Line by line, copy the records below exactly and leave the pictures out.

Top of EXCERPTED DATA

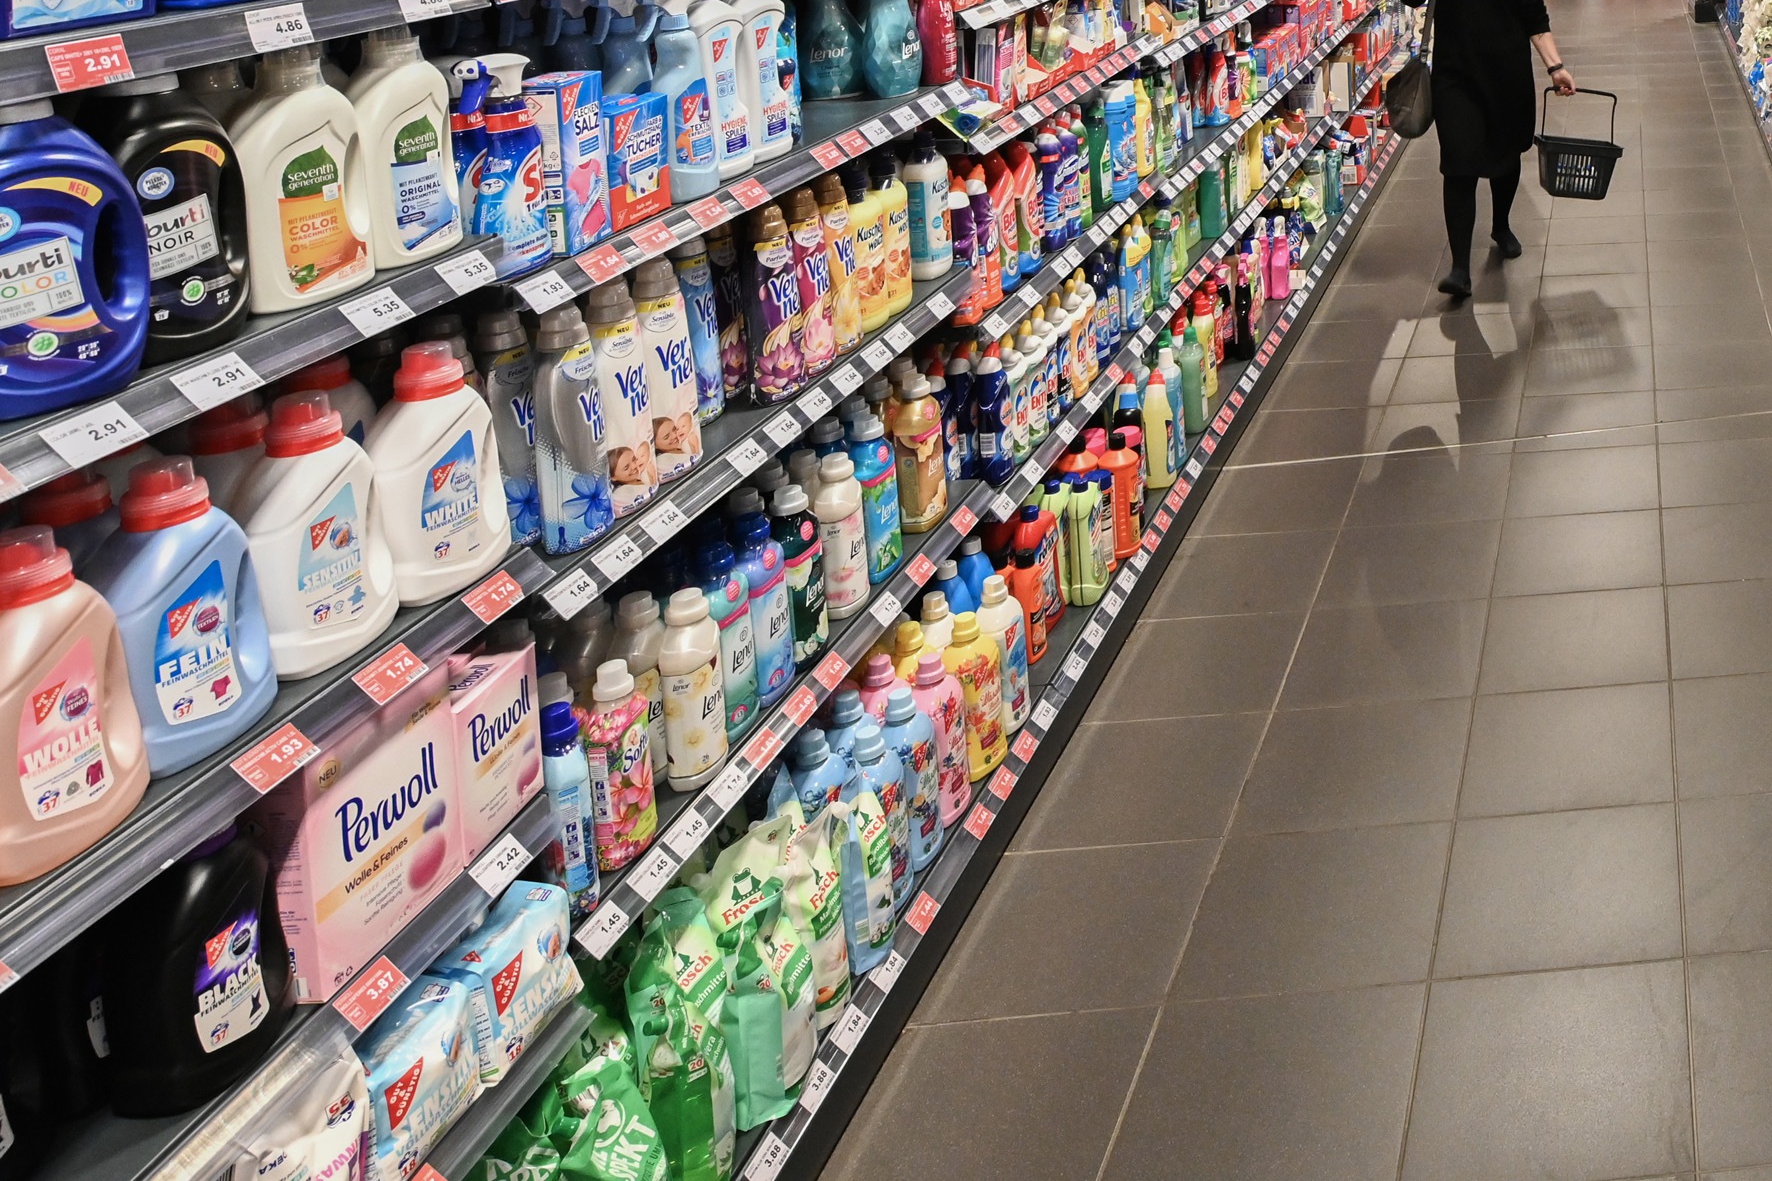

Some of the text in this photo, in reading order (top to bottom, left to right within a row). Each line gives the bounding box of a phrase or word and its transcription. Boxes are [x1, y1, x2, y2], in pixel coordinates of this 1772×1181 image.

[275, 19, 303, 34] 4.86
[84, 53, 122, 73] 2.91
[574, 103, 600, 120] FLECKEN
[575, 117, 600, 137] SALZ
[399, 131, 436, 149] seventh
[399, 139, 436, 156] generation
[626, 132, 662, 158] TÜCHER
[204, 143, 219, 160] NEU
[288, 162, 335, 184] seventh
[288, 173, 335, 190] generation
[68, 180, 90, 198] NEU
[400, 180, 441, 198] ORIGINAL
[400, 189, 441, 204] WASCHMITTEL
[289, 215, 339, 237] COLOR
[290, 225, 340, 243] WASCHMITTEL
[149, 230, 195, 254] NOIR
[465, 261, 488, 279] 5.35
[600, 255, 619, 269] 1.64
[543, 281, 564, 297] 1.93
[373, 299, 400, 318] 5.35
[657, 301, 671, 310] NEU
[617, 325, 630, 335] NEU
[212, 366, 246, 388] 2.91
[813, 396, 828, 409] 1.64
[88, 418, 128, 442] 2.91
[425, 491, 480, 523] WHITE
[660, 511, 680, 527] 1.64
[437, 547, 449, 559] 37
[615, 545, 635, 563] 1.64
[491, 582, 515, 602] 1.74
[569, 580, 591, 598] 1.64
[316, 608, 330, 623] 37
[159, 635, 229, 682] FEIN
[162, 649, 229, 688] FEINWASCHMITTEL
[386, 656, 413, 679] 1.74
[177, 703, 193, 718] 37
[467, 674, 531, 763] Perwoll
[23, 717, 101, 774] WOLLE
[271, 738, 303, 764] 1.93
[319, 765, 338, 785] NEU
[42, 796, 59, 813] 37
[335, 741, 438, 862] Perwoll
[344, 836, 409, 896] Wolle & Feines
[496, 846, 521, 871] 2.42
[649, 857, 669, 879] 1.45
[600, 911, 622, 935] 1.45
[199, 954, 260, 1010] BLACK
[367, 972, 396, 1001] 3.87
[811, 1069, 829, 1092] 3.88
[764, 1144, 782, 1169] 3.88
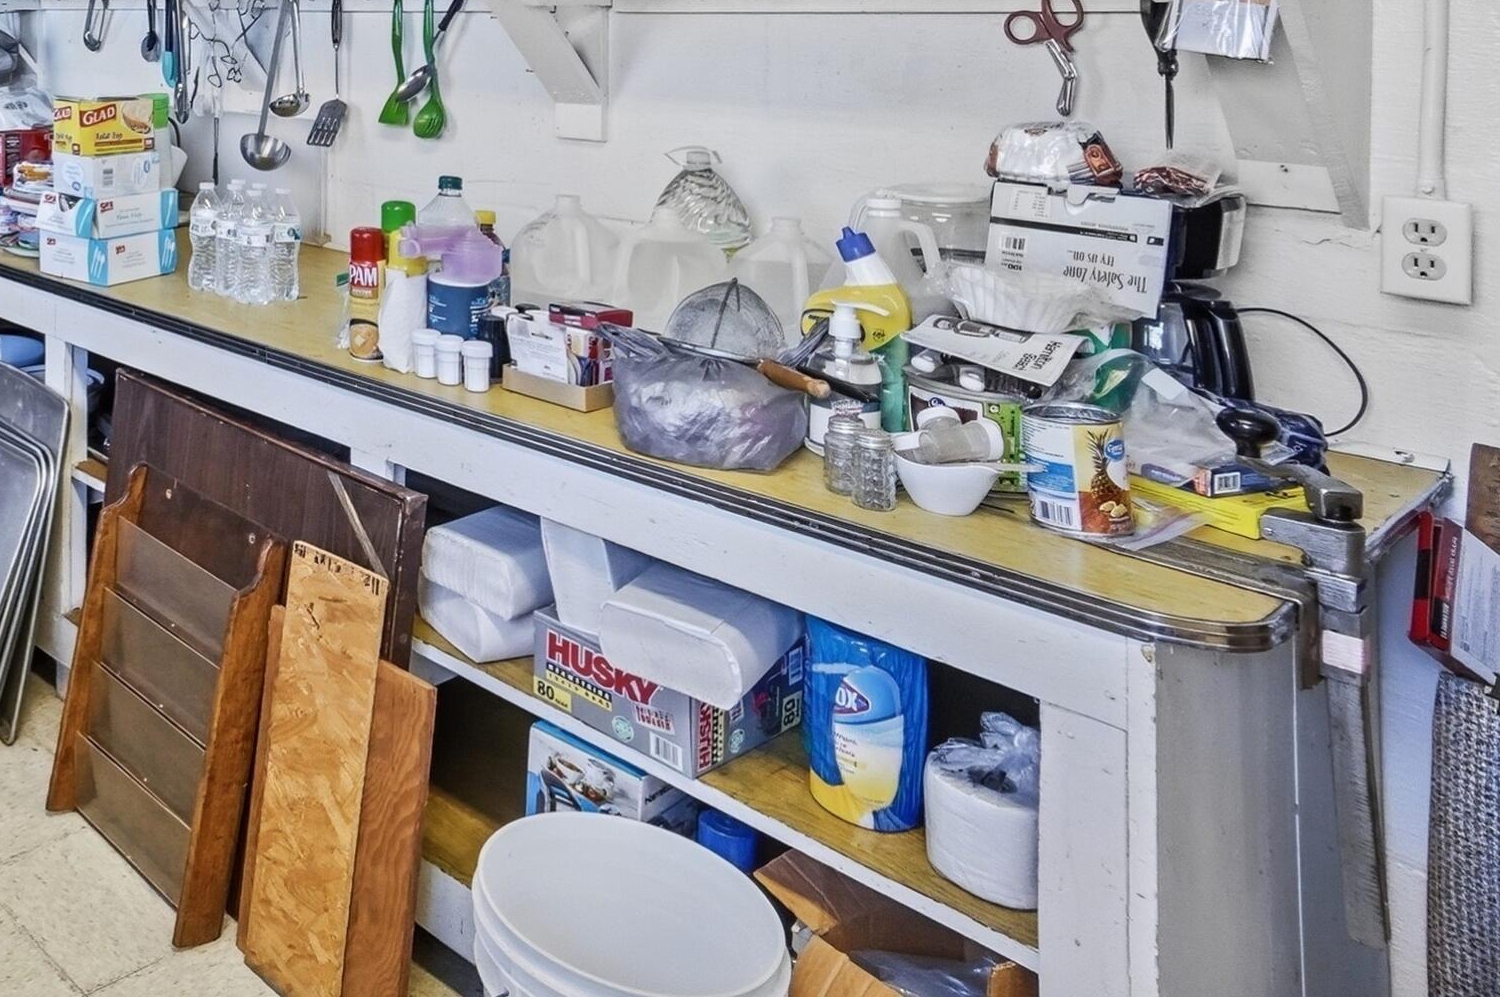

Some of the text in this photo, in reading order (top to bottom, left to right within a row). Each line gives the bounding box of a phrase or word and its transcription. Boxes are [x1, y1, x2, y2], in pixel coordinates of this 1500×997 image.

[82, 106, 116, 125] GLAD
[1088, 252, 1098, 262] us
[1099, 256, 1115, 267] try
[349, 263, 377, 287] PAM
[1062, 264, 1147, 293] The Safety Zone
[546, 630, 660, 705] HUSKY
[537, 679, 555, 701] 80
[783, 697, 796, 726] 80
[698, 702, 713, 769] HUSK
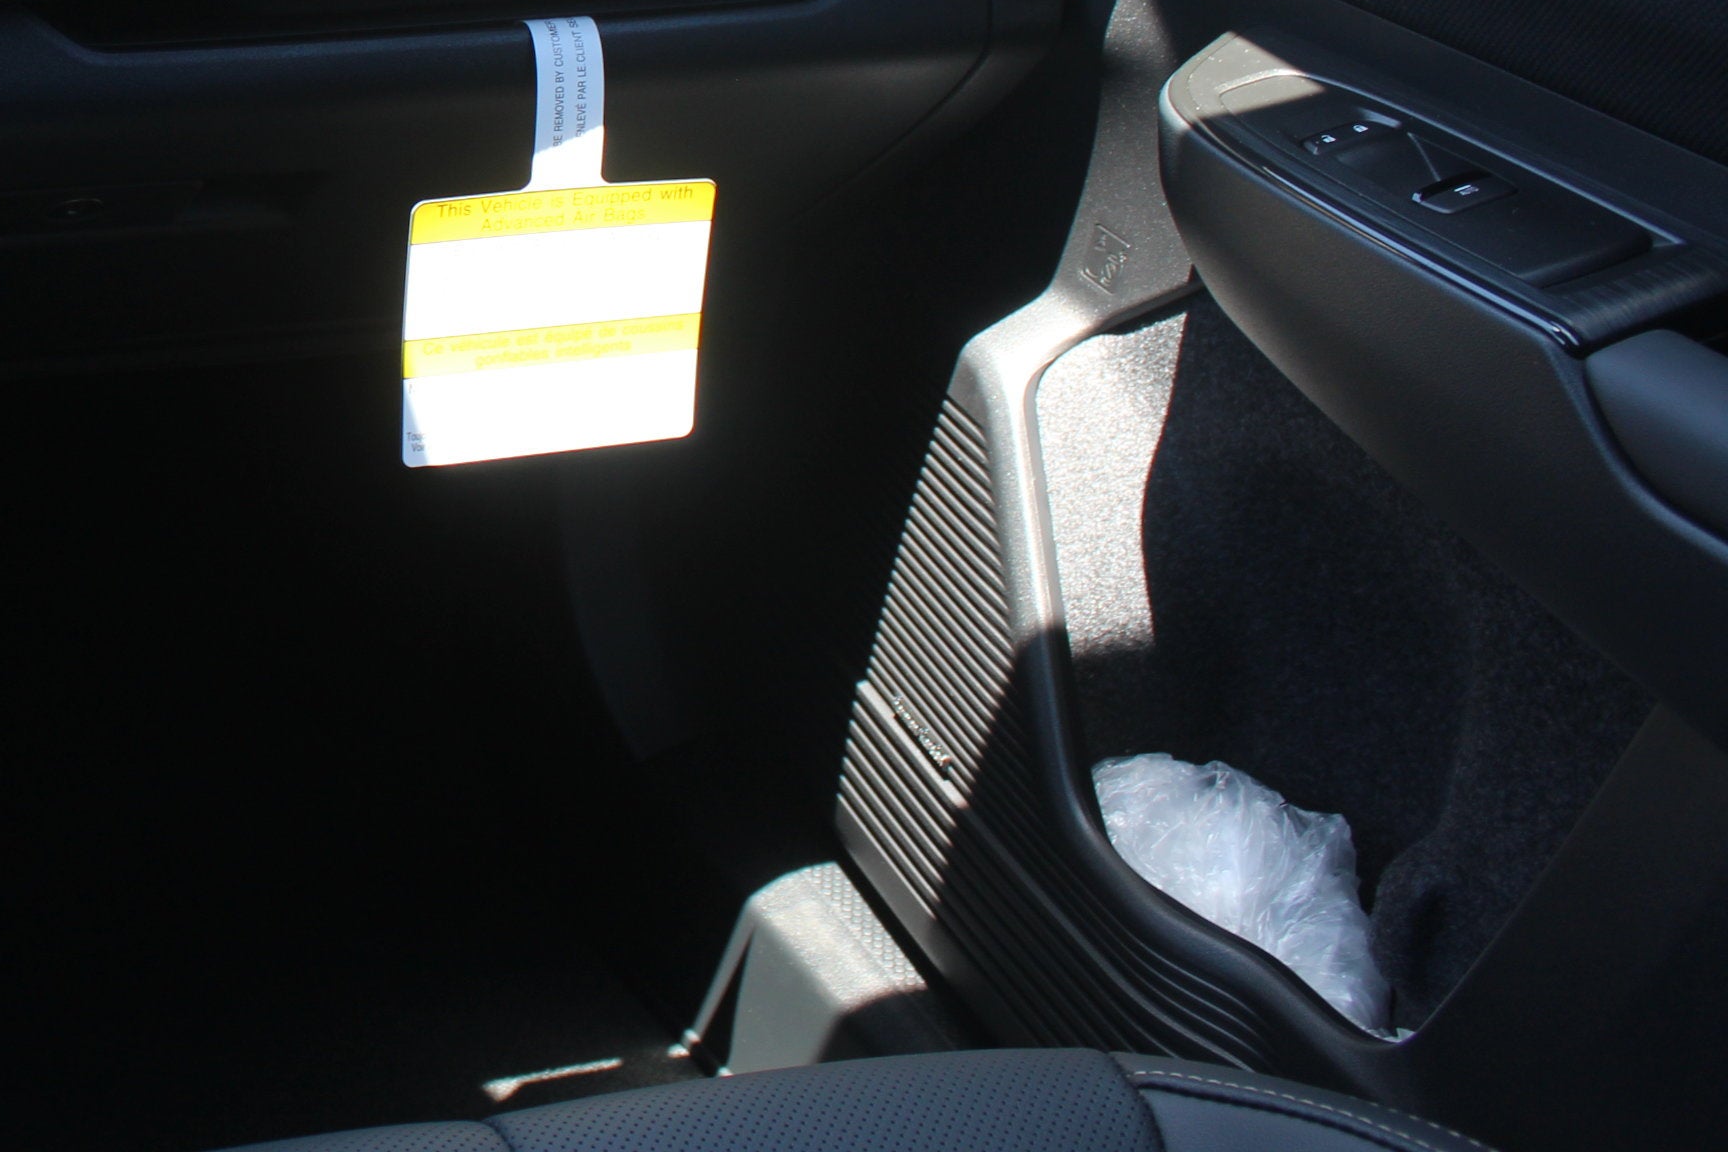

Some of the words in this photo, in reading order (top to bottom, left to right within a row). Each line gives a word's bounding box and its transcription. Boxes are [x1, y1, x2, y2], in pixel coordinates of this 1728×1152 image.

[572, 31, 586, 63] CLIENT
[555, 71, 564, 83] BY
[576, 65, 586, 78] LE
[577, 80, 587, 100] PAR
[553, 87, 565, 132] REMOVED
[437, 204, 471, 219] This
[480, 197, 543, 214] Vehicle
[660, 186, 693, 201] with

Bottom of EXCERPTED DATA

→ COMPLETED TASK
Some of the text in this photo, in reading order (top to bottom, left to right within a row). Each line gives the bounding box of a phrase or word and its transcription. Boxes are [x1, y1, x2, y2], in pixel coordinates of this 1772×1181 image.

[275, 19, 303, 34] 4.86
[84, 53, 122, 73] 2.91
[574, 103, 600, 120] FLECKEN
[575, 117, 600, 137] SALZ
[399, 131, 436, 149] seventh
[399, 139, 436, 156] generation
[626, 132, 662, 158] TÜCHER
[204, 143, 219, 160] NEU
[288, 162, 335, 184] seventh
[288, 173, 335, 190] generation
[68, 180, 90, 198] NEU
[400, 180, 441, 198] ORIGINAL
[400, 189, 441, 204] WASCHMITTEL
[289, 215, 339, 237] COLOR
[290, 225, 340, 243] WASCHMITTEL
[149, 230, 195, 254] NOIR
[465, 261, 488, 279] 5.35
[600, 255, 619, 269] 1.64
[543, 281, 564, 297] 1.93
[373, 299, 400, 318] 5.35
[657, 301, 671, 310] NEU
[617, 325, 630, 335] NEU
[212, 366, 246, 388] 2.91
[813, 396, 828, 409] 1.64
[88, 418, 128, 442] 2.91
[425, 491, 480, 523] WHITE
[660, 511, 680, 527] 1.64
[437, 547, 449, 559] 37
[615, 545, 635, 563] 1.64
[491, 582, 515, 602] 1.74
[569, 580, 591, 598] 1.64
[316, 608, 330, 623] 37
[159, 635, 229, 682] FEIN
[162, 649, 229, 688] FEINWASCHMITTEL
[386, 656, 413, 679] 1.74
[177, 703, 193, 718] 37
[467, 674, 531, 763] Perwoll
[23, 717, 101, 774] WOLLE
[271, 738, 303, 764] 1.93
[319, 765, 338, 785] NEU
[42, 796, 59, 813] 37
[335, 741, 438, 862] Perwoll
[344, 836, 409, 896] Wolle & Feines
[496, 846, 521, 871] 2.42
[649, 857, 669, 879] 1.45
[600, 911, 622, 935] 1.45
[199, 954, 260, 1010] BLACK
[367, 972, 396, 1001] 3.87
[811, 1069, 829, 1092] 3.88
[764, 1144, 782, 1169] 3.88

Some of the text in this photo, in reading order (top to bottom, left to right within a row). Each line gives the bounding box of a phrase or word and its transcription. Boxes are [x1, y1, x2, y2], in pixel coordinates of this 1500×997 image.

[82, 106, 116, 125] GLAD
[1088, 252, 1098, 262] us
[1099, 256, 1115, 267] try
[349, 263, 377, 287] PAM
[1062, 264, 1147, 293] The Safety Zone
[546, 630, 660, 705] HUSKY
[537, 679, 555, 701] 80
[783, 697, 796, 726] 80
[698, 702, 713, 769] HUSK

Some of the words in this photo, in reading order (top to bottom, left to right within a row). Each line gives a word's bounding box and its transcription. Boxes are [x1, y1, x2, y2], in pixel coordinates of this 1728×1152 image.

[572, 31, 586, 63] CLIENT
[555, 71, 564, 83] BY
[576, 65, 586, 78] LE
[577, 80, 587, 100] PAR
[553, 87, 565, 132] REMOVED
[437, 204, 471, 219] This
[480, 197, 543, 214] Vehicle
[660, 186, 693, 201] with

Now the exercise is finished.